What if we thought about our bodies as materials?
This is the question Associate Professor Kazunori Hoshino in the Department of Biomedical Engineering raises in analyzing three-dimensional (3-D) tumor models to test potential cancer drugs.
This technology will help bridge the gap between in vitro – or petri dish – testing and human subject testing for cancer drug development while cutting out the need for animal models by applying engineering methods to medical research.
Currently, cancer drugs are first tested on two-dimensional monolayers of cell cultures. While this is a necessary step in testing drugs, many drugs that are successful at this stage fail when they get to more advanced animal or human trials.
Next, scientists graft human tumor cells onto animal models. This allows them to see how the drug interacts with healthy cells as well as the tumor. However, it comes with its own set of challenges, including cost, time, and ethical considerations.
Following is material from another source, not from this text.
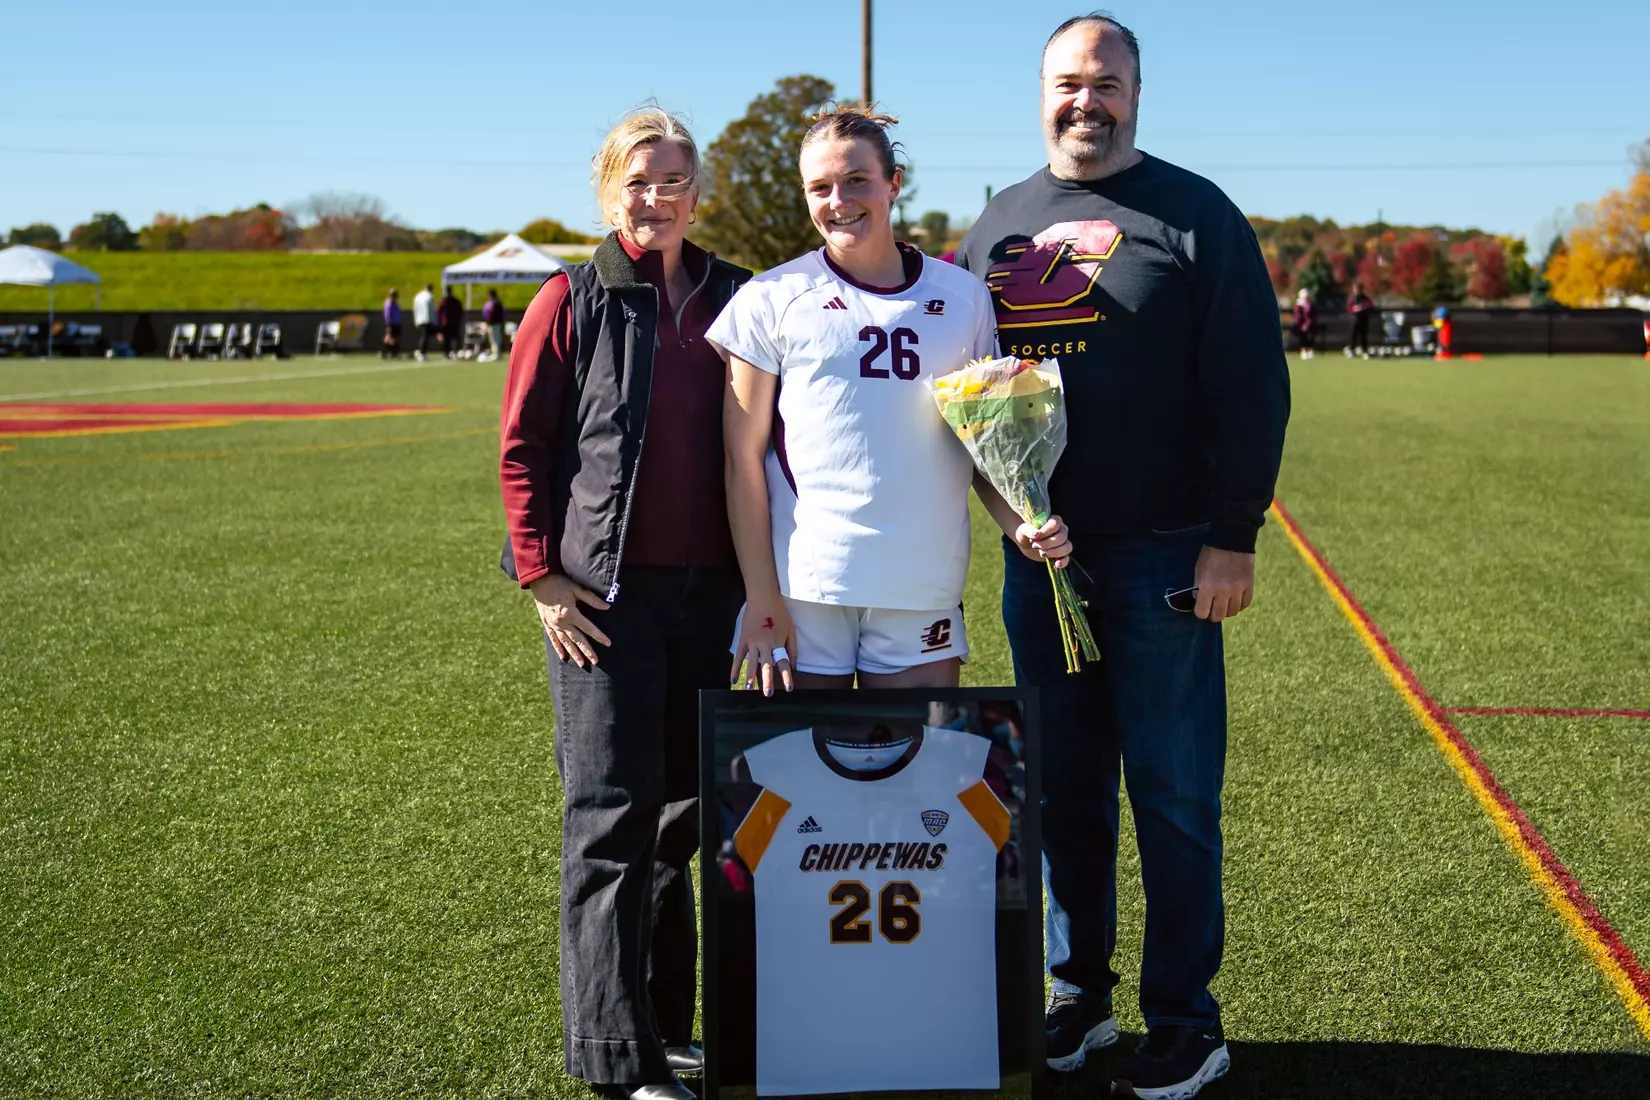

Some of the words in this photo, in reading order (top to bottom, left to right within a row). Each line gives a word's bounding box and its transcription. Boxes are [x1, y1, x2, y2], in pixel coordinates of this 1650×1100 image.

To address these issues, Hoshino’s approach uses a 3-D model of a tumor in vitro that can show how drugs will act in vivo without the need of animal models.
“Test on in–in vitro model that mimics a tumor, rather than using animal models, is a recent trend in cancer studies,” Hoshino says. “However, the question to me was: can we create a proper analytical method to study such a model?”
Hoshino’s method uses materials science concepts to test the tumor like a material. Specifically, he tests for stiffness, or elasticity, a commonly tested property in engineered materials.
“If you’re creating a new material, you need to know the properties,” Hoshino says.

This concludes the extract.